[[ GIVEN DATA open ]]

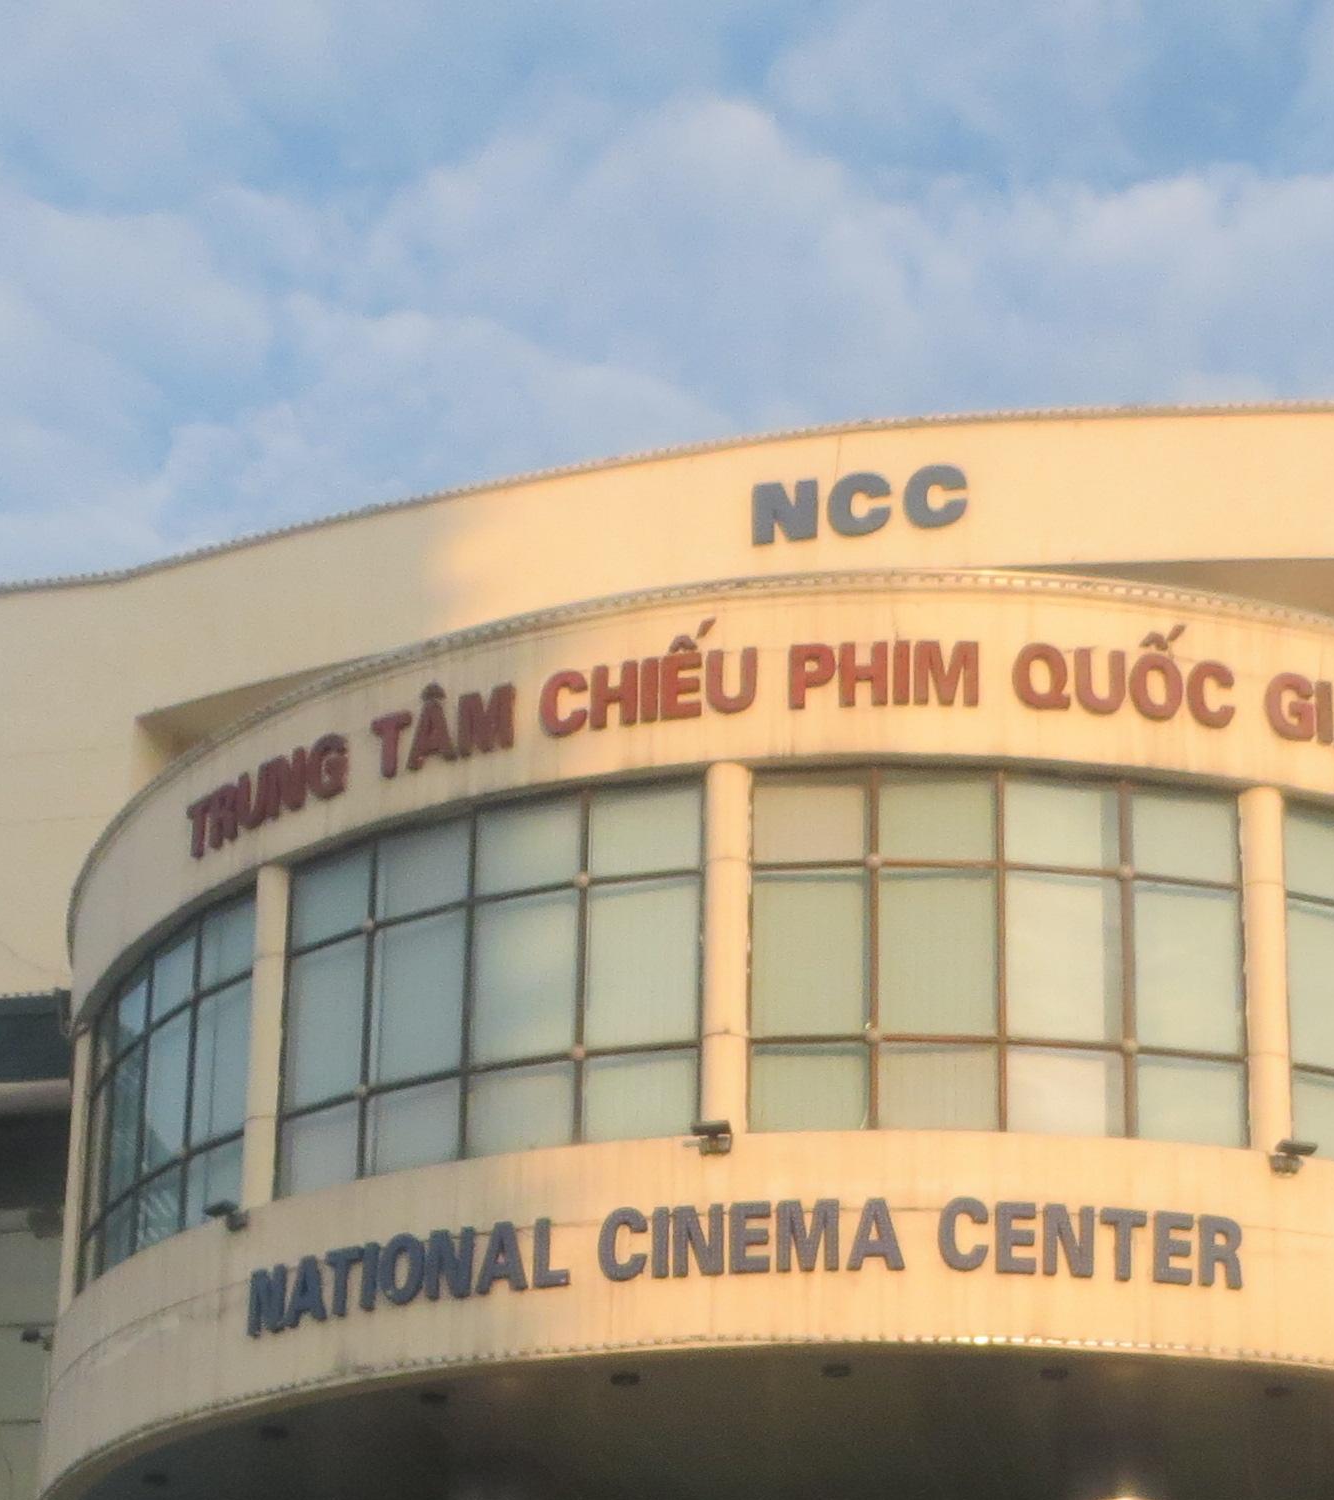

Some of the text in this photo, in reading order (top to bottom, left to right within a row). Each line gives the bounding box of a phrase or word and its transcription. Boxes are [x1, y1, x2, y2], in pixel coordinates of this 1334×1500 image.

[751, 464, 968, 546] NCC
[186, 732, 350, 860] TRUNG
[371, 681, 517, 779] TÂM
[539, 617, 758, 738] CHIẾU
[787, 640, 980, 711] PHIM
[1012, 624, 1236, 730] QUỐC
[246, 1196, 1243, 1340] NATIONAL CINEMA CENTER
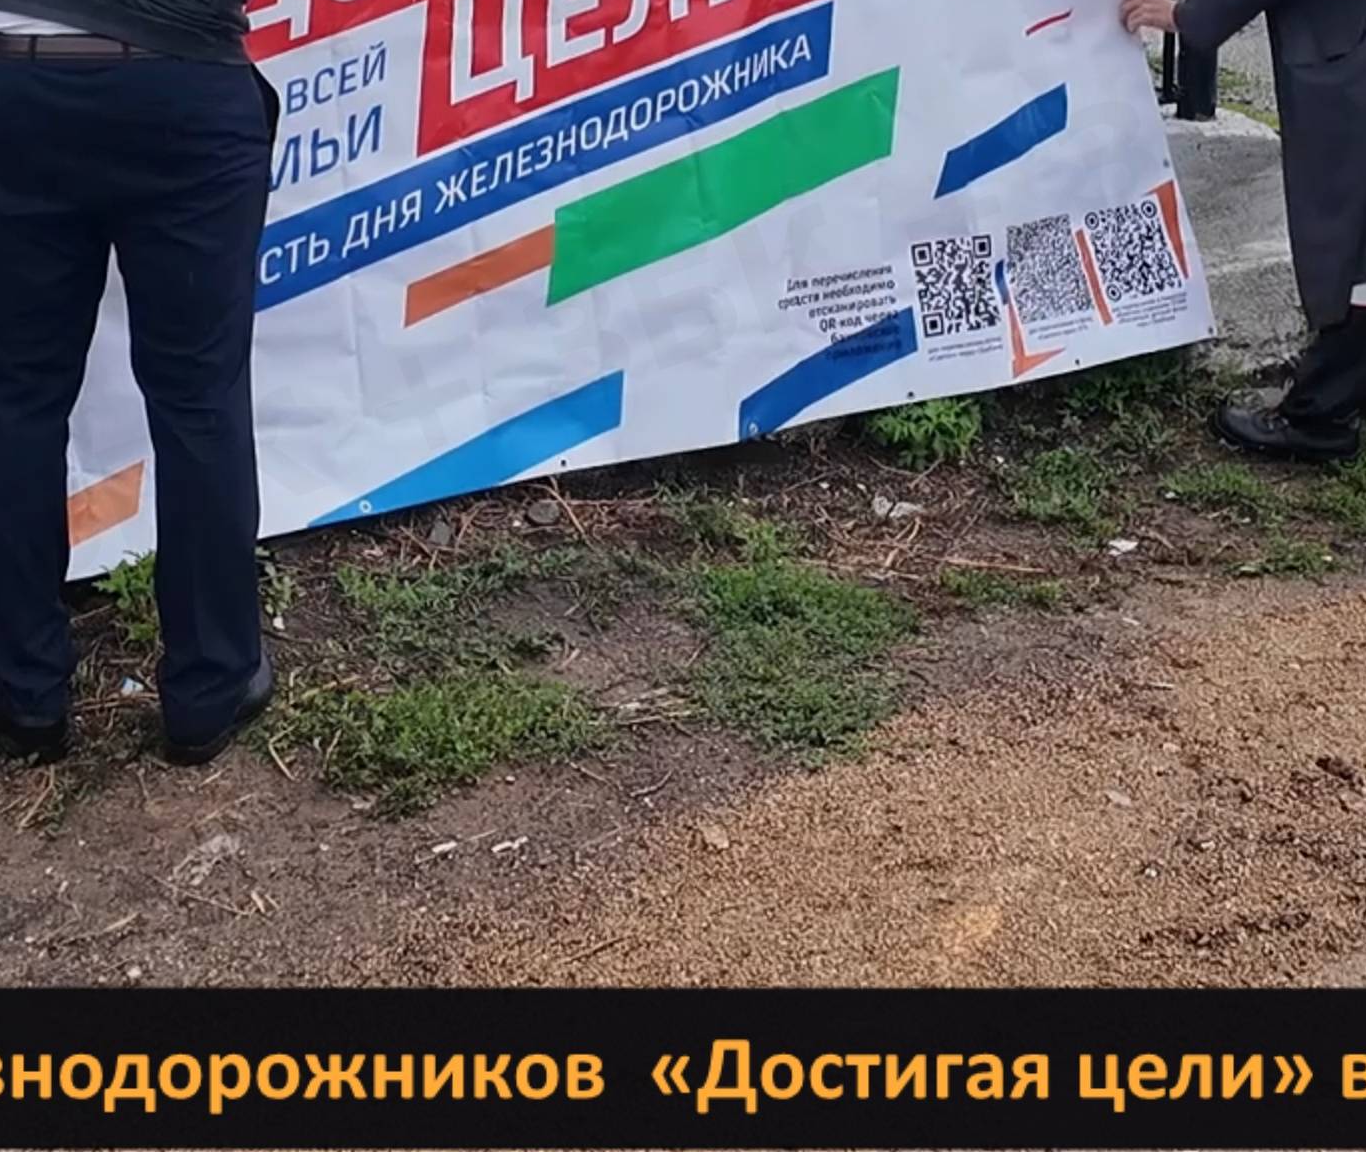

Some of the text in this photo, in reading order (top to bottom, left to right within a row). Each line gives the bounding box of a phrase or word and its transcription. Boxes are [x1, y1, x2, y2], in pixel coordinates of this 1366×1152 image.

[285, 41, 388, 116] ВСЕЙ
[341, 189, 423, 259] ДНЯ
[435, 34, 812, 215] ЖЕЛЕЗНОДОРОЖНИКА
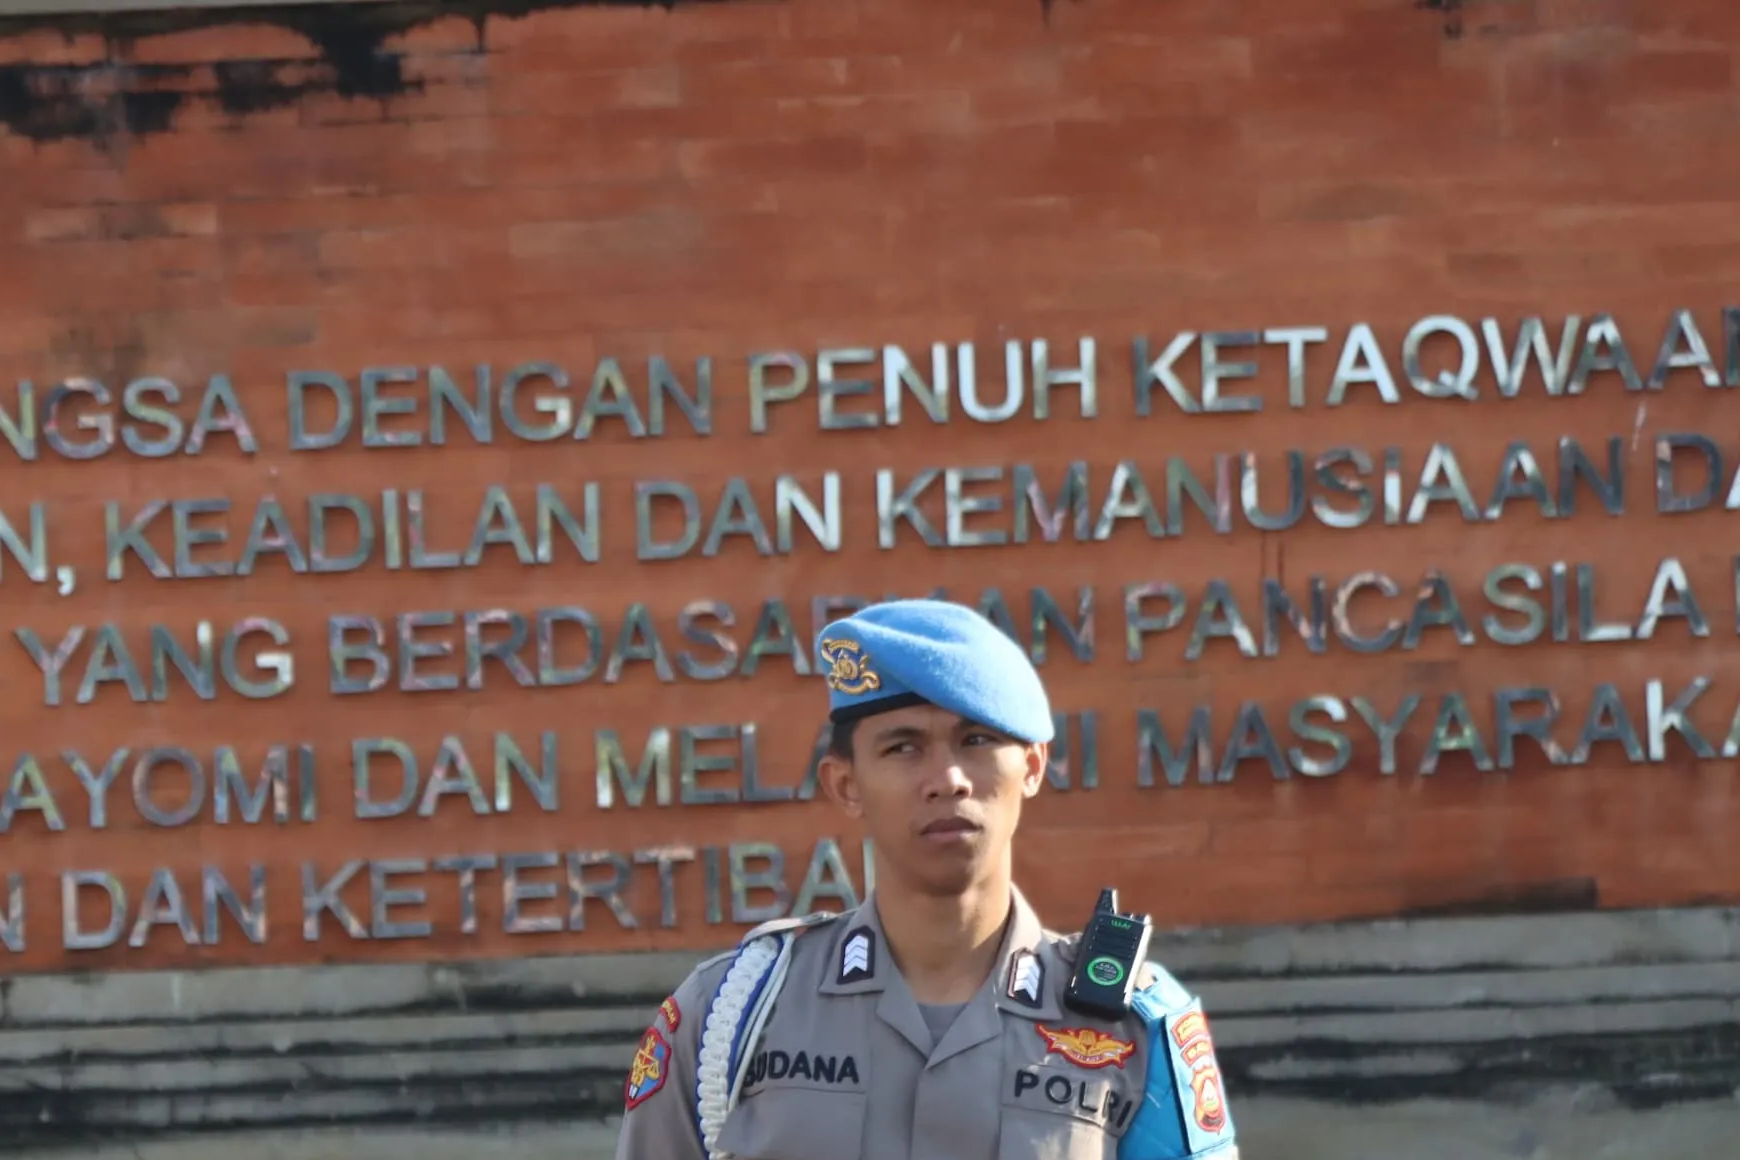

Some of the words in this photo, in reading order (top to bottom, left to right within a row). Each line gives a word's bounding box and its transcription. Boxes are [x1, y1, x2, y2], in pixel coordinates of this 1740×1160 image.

[[ GIVEN DATA closed ]]

## REQUIRED ACTION
Please write out the lines above exactly, from the one that contains "this 1366×1152 image." through the final line, and include none of the pictures.

## WRITTEN REPLY
Some of the text in this photo, in reading order (top to bottom, left to right within a row). Each line gives the bounding box of a phrase or word and its transcription. Boxes are [x1, y1, x2, y2], in pixel coordinates of this 1366×1152 image.

[285, 41, 388, 116] ВСЕЙ
[341, 189, 423, 259] ДНЯ
[435, 34, 812, 215] ЖЕЛЕЗНОДОРОЖНИКА

Some of the words in this photo, in reading order (top to bottom, left to right within a row). Each line gives a word's bounding box and its transcription. Boxes are [x1, y1, x2, y2], in pixel coordinates of this 1740×1160 image.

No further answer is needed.